Projects / Programmes
Dependency of the interfacial charge carrier dynamics on the coupling strength in heterostuctured systems using resonant photoemission and the core-hole clock method
| Code |
Science |
Field |
Subfield |
| 1.02.00 |
Natural sciences and mathematics |
Physics |
|
| Code |
Science |
Field |
| P260 |
Natural sciences and mathematics |
Condensed matter: electronic structure, electrical, magnetic and optical properties, supraconductors, magnetic resonance, relaxation, spectroscopy |
| Code |
Science |
Field |
| 1.03 |
Natural Sciences |
Physical sciences |
physics of surfaces, synchrotron light studies, inner-shell excitations, charge carrier dynamics, He atom scattering, X-ray absorption, X-ray resonant photoemission, core-hole clock method
Researchers (1)
| no. |
Code |
Name and surname |
Research area |
Role |
Period |
No. of publicationsNo. of publications |
| 1. |
29515 |
PhD Gregor Kladnik |
Physics |
Head |
2014 - 2016 |
77 |
Organisations (1)
Abstract
Organic molecules are promising candidates as building blocks for the next generation of electronic devices. Advantages of reduced size, ordered self-assembly, functional tunability with chemistry and ease of synthesis make molecular electronic devices very attractive. To realize such devices, it is essential to understand the fundamental physics and chemistry at the nano-meter scale. One of the key issues concerning the organic molecular device performances concerns the transport of charge carriers through organic assemblies and also across the interfaces between organic-inorganic and hetero-organic assemblies.
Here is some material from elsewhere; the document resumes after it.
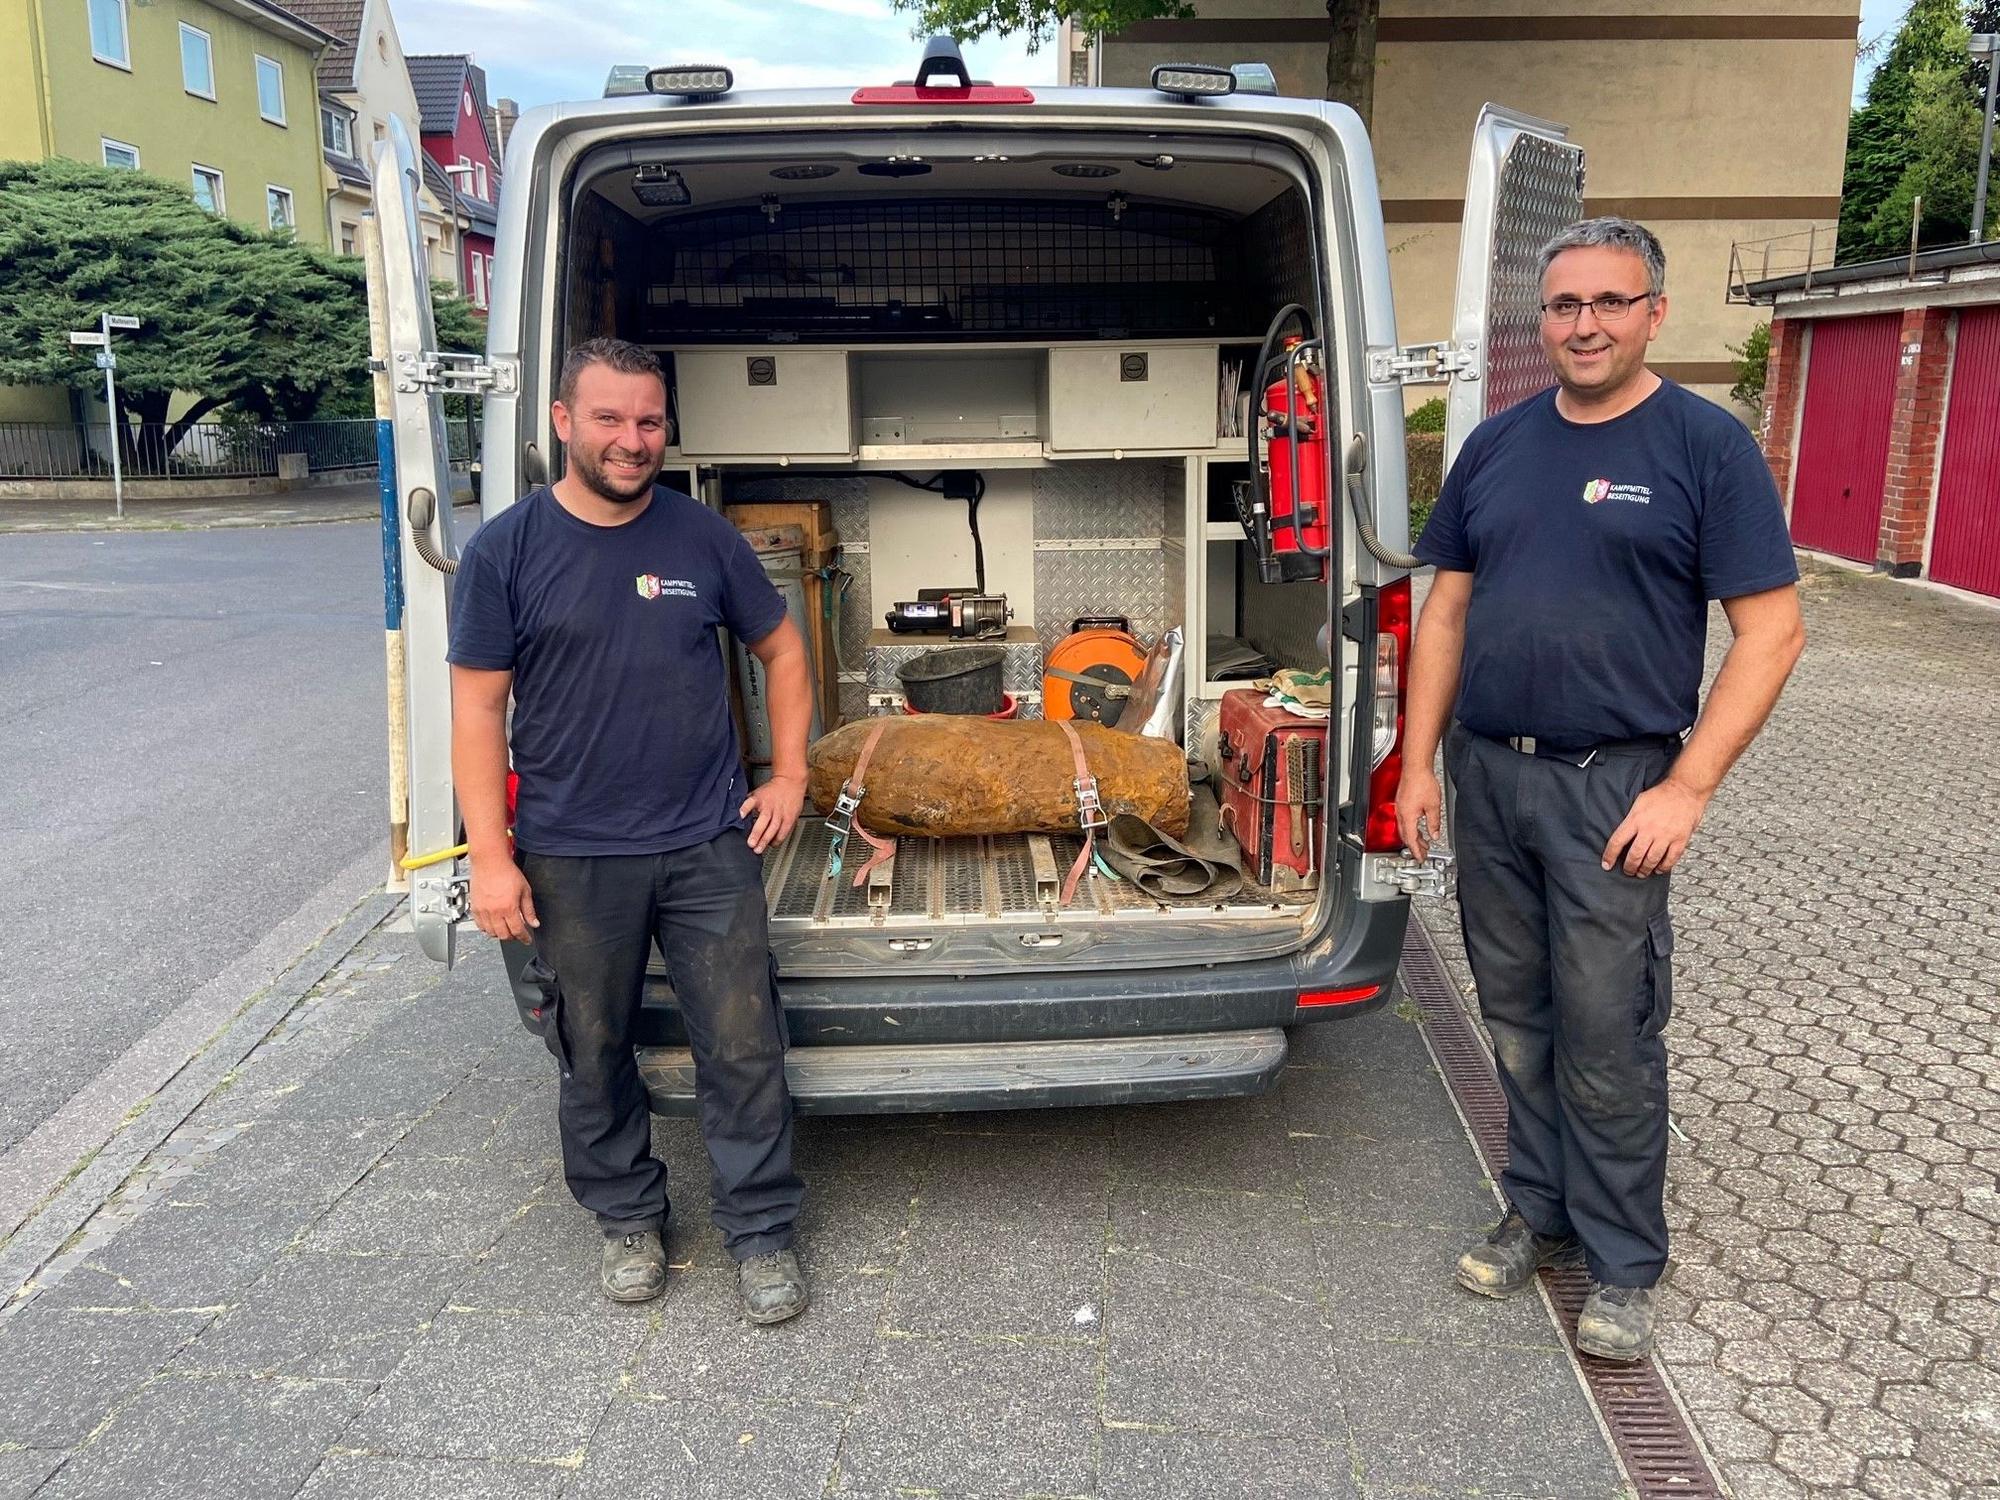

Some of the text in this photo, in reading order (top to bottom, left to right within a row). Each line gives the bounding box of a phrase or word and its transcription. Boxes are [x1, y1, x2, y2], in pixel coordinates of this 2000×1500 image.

Synchrotron based spectroscopies offer a suitable approach to measure electronic properties of extended organic assemblies. The project will take advantage of the long-term cooperation with University of Trieste and the Laboratory TASC CNR-IOM and access to the ALOISA beamline at the Elettra synchrotron with its research infrastructure. Special interest will be given to amino and thiol functionalized molecules like pyridines, amino benzenes, amino acids, etc. and pi-conjugated systems of polycyclic aromatic hydrocarbons. These molecules can be used as a bridging layer between the metal substrate and other complex organic molecules and present possible candidates for further development of organic based nano-electronic devices. Along these systems also organic molecule functionalization of graphene as a promising candidate for future nano-devices is planned.
Crystalline surfaces of solid substrates will act as 2D templates for synthesis and characterization of organic assemblies in form of ordered monolayers with narrow size distribution and uniform adsorption configurations. Electronic structure of such molecular assemblies will then be directly probed by X-ray photoemission and X-ray absorption experiments. Moreover, with the use of resonant photoemission and the core-hole clock method the excited carrier dynamics in molecular films will be studied with unprecedented time and spatial resolution.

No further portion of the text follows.